Oh, it was more than that. One of the things that’s bugged me, and I think a lot of writers will agree with this, is we spend money on our vices and we pay through the nose for our mistakes. I’ll admit that coke kicked my ass. It’s one of the things that beat me in life. As a result, getting even, getting paid to make a movie about it – and making it a good one on top of it – there’s nothing better. But to go back and finish the story as to how the film originated: Sidney Lumet hated my script. I don’t know if he’d say that in public himself; I sound like a petulant screenwriter saying that; I’d rather not say that word.
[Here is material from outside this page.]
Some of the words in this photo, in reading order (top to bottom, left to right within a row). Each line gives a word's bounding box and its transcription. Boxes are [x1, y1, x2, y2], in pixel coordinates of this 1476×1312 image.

Let me say that Sidney did not understand my script, whereas Bregman wanted to continue in that direction with Al.

Do you feel the story might have been too strong?

Yeah, I think that he felt there was too much gratuitous violence, which was the ultimate rap on the film that came from the critics. From Sidney, it went to a couple of other projections, and then we went to Brian [DePalma], which was a good idea. And Al liked him and trusted him. It turned into a film that has its own history. It basically took off with Brian and Al, and Bregman was the control pilot.
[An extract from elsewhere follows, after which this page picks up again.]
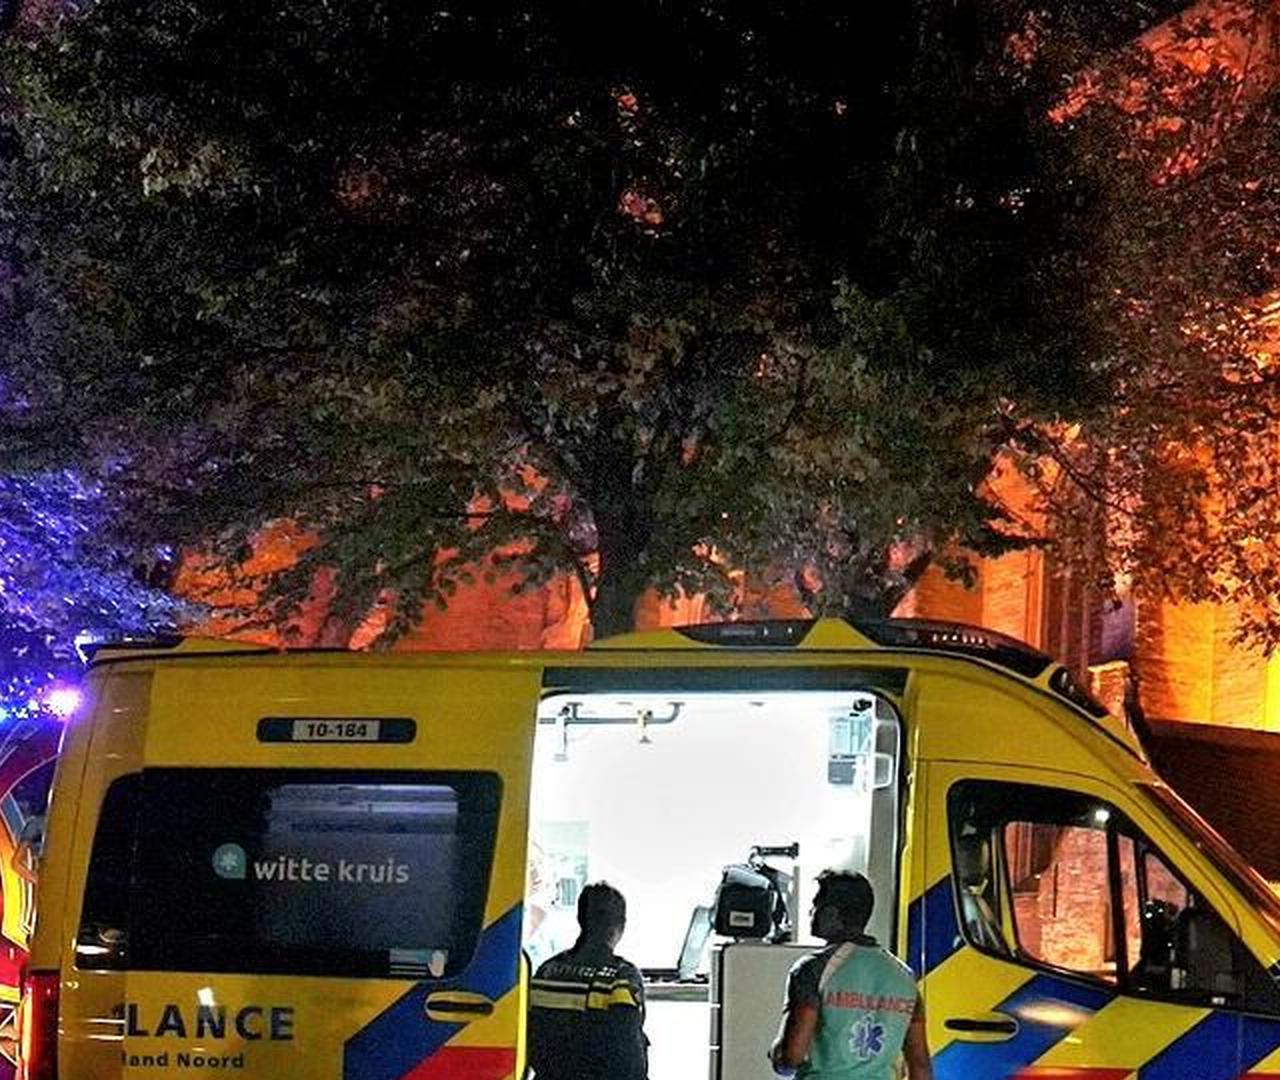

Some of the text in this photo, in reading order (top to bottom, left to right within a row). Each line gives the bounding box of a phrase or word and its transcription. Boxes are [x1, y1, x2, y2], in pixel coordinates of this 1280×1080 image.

[253, 856, 410, 883] witte kruis
[825, 991, 915, 1013] AMBULANCE
[176, 1053, 245, 1069] Noord
Being that you had a cocaine habit, do you feel it gave your script a different perspective than if you had never tried the drug?


Probably so, because the big switch point for me in the script is the fall of the king. I see Al turning paranoid in that movie, I see it perhaps because I was more attuned to it. But the paranoia of coke is the most striking [aspect], the fire of it. I’ll give you an example. You’re down in the Caribbean, you’re doing coke, you’re drinking at a bar with three Colombian management guys. They run the cigarette boats out there with tons of shit every night. They go right to the Florida coast in these cigarette boats. They fly across the moon, they skim the ocean at night, it’s really incredible, full speed. Then they slow down to nothing, they whisper in the night, and you can’t hear the engines. Then they sneak up past the coast and the by-ways, past the Coast Guard. It’s really a trip. You do this, and you get into that world. All of the sudden, you’re flashing coke in the hotel room at four in the morning; you’re talking the coke talk about how great things are. They started boasting, and I started telling them I was a Hollywood screenwriter. They thought I was an informer because I dropped the name of a guy who had been one of my helpers, who was making money now on the defense side of the ballgame. But the guy had previously busted one of these three guys when he was a prosecutor. So at four in the morning, that gets dangerous! Two of them went into the bath- room and I thought they were gonna come out and blow me away. But you know, the truth of the matter is I got out by bullshit, by the skin of my teeth. I was nervous the whole night, nervous beyond belief. That never could have happened to me if I had been straight. And they never would have taken me to any conference, nor would I have the necessary élan to approach them. I would have been totally out of sorts. You can’t do it from one side of the coin.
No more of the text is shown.